Andrew Sullivan, the prominent political columnist and blogger, who is HIV positive, wrote last month “almost every man who ever had sex hates condoms”. Indeed, a survey this year by the University of Westminster found 70% of gay men think sex without condoms is more pleasurable. This is amid what many see as an increasing normalisation of “bareback” sex, with many pointing to its almost standard depiction in pornography, to websites such as BarebackRT.com and to mobile phone dating apps that enable users to search for unprotected sex.

Sullivan fears particularly for gay men coming of age today, who did not witness the horrors of the 1980s. “The young generation has fewer psychological resources or experiences with HIV to grapple with the whole issue of getting infected,” he wrote.

And in an interview in this month’s Out magazine, Zachary Quinto, the gay Star Trek actor, warned of attitudinal shifts among gay men toward HIV. “I think there’s a tremendous sense of complacency in the LGBT community,” he said. “Today’s generation sees it more as something to live with and something to be much less fearful of. And that comes with a sense of, dare I say, laziness.”

His comments have caused uproar, not only for their explicit judgment, but because the ramifications of unsafe sex are becoming more divergent, due to medical advances.

Improvements in antiretroviral treatment since 1996 have meant newer drug combinations not only have fewer side effects, but, when successful, make the carrier unable to transmit the virus even during unsafe sex. The sex might therefore be unsafe, as other STIs can be passed on, but poses almost no risk of HIV infection.

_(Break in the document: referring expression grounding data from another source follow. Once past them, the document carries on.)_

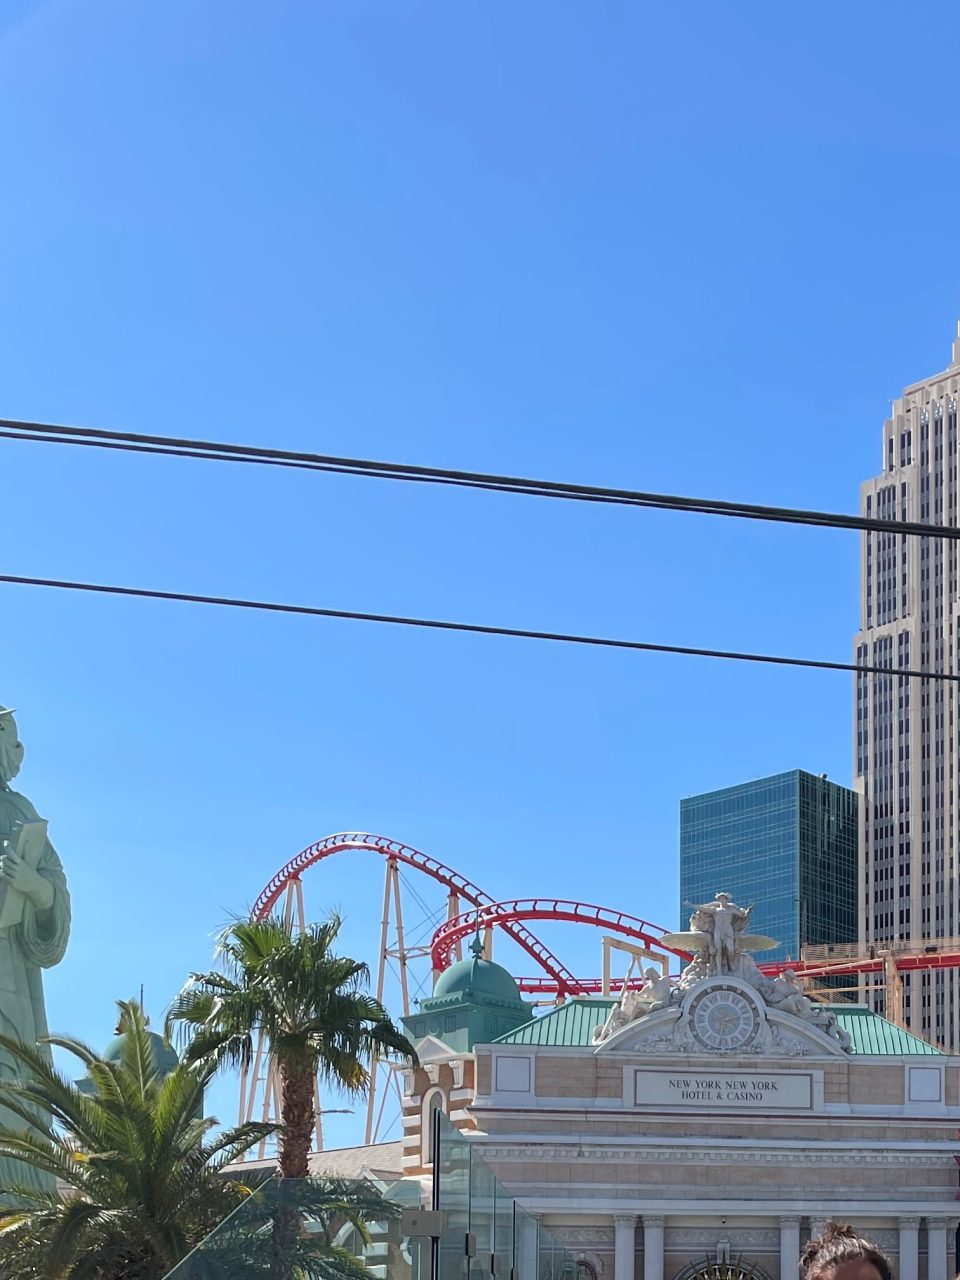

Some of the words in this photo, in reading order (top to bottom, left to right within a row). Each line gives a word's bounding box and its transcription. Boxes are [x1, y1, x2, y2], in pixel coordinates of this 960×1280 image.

[669, 1079, 691, 1089] NEW
[695, 1080, 722, 1090] YORK
[725, 1081, 748, 1090] NEW
[751, 1081, 778, 1091] YORK
[681, 1090, 713, 1100] HOTEL
[716, 1091, 723, 1100] &
[727, 1091, 763, 1101] CASINO

Dovetailing this is the recent introduction among a small, high-risk cohort (notably partners of HIV-positive people) of Prep (pre-exposure prophylaxis) – an antiretroviral drug called Truvada prevents HIV-negative people from contracting the virus, even when exposed to it.

Quinto remains concerned. “We need to be really vigilant and open about the fact that these drugs are not to be taken to increase our ability to have recreational sex,” he said. But many, including Sullivan, consider this unrealistic, as the decision to use a condom comes at the very moment when self-control is hardest.

UKip leader Nigel Farage seeks to ban HIV-positive immigrants from entering Britain, but the evidence is clear: the majority of infections are among those born and educated in the UK, making ours a homegrown problem, the solutions of which lie not, it seems, with our borders but within our schools, our culture, and on our TV screens.